In times of scarcity

By Martha E. Fagan, RN, BSN

Truth be told, we may not feel as though there is much to be grateful for right now.  Not surprisingly we’re feeling our lack more than our plenty.  I get it—we’re  missing so much right now it’s hard to have the bandwidth to look at what’s working well or what little gems have been uncovered during this time of deprivation.

And, I’m here to remind myself and you that we’ll benefit greatly from taking the time, just a few short minutes a day, to strengthen our “gratitude muscle”.

Extensive research has been done identifying the many benefits of a gratitude practice.  This article from Harvard Medical  School summarizes  studies done demonstrating the lasting positive impact of gratitude.
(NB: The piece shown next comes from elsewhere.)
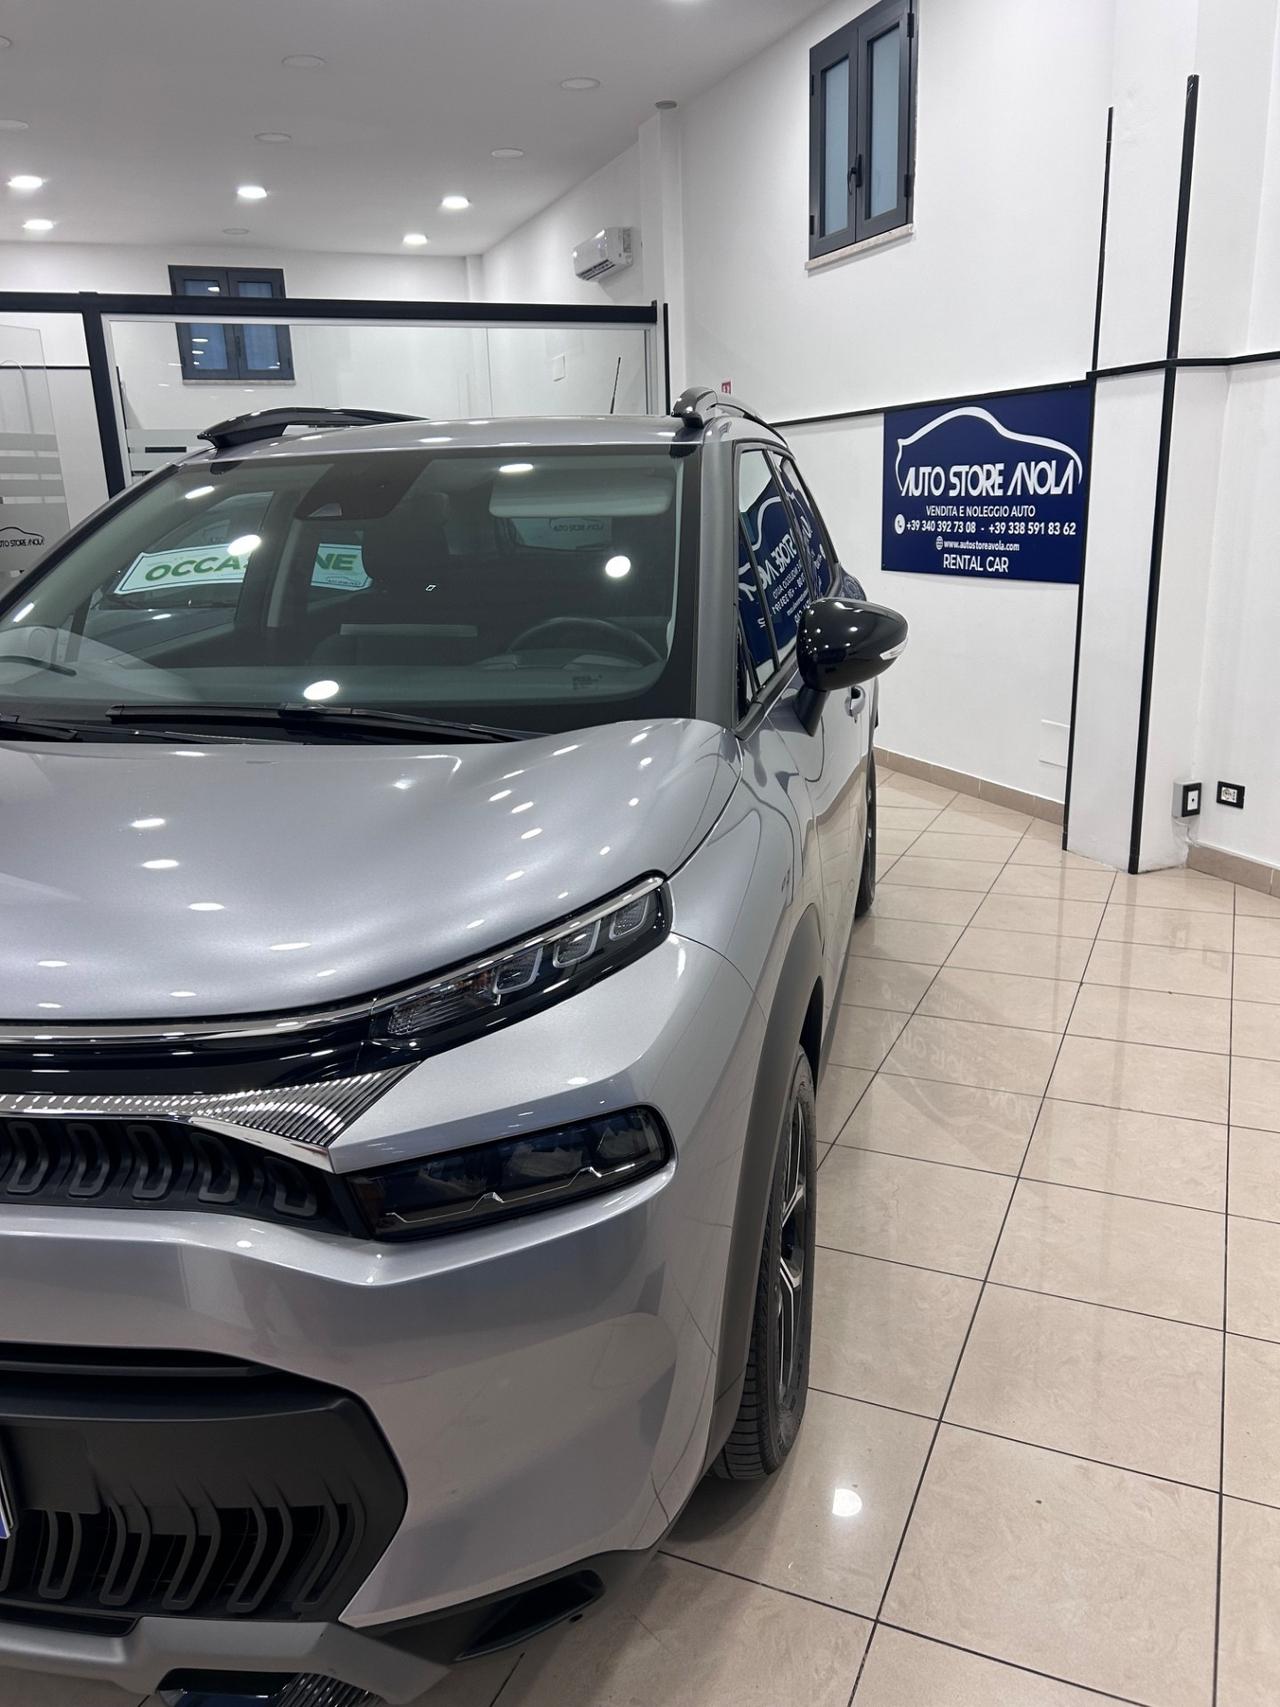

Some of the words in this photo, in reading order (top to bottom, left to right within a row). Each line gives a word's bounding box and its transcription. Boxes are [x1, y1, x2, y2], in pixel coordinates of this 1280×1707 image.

Not surprisingly however as with so many other things in life—gratitude takes work.  Robert Emmons, one of the researchers cited in the article above has written extensively on gratitude.  In his book, Gratitude Works! he reminds us of this,  “We do not acquire gratitude; we cultivate it through daily practices that make it a deeply ingrained disposition….A French proverb states that gratitude is the memory of the heart—it’s the way our heart remembers.  If you want to be a grateful person then you must remember to remember.”

I would add that before we can remember we must notice!  We can help ourselves notice by working to develop a lens of gratitude through which we see our world.  During COVID that can be a tall order AND I think it’s doable with some simple steps.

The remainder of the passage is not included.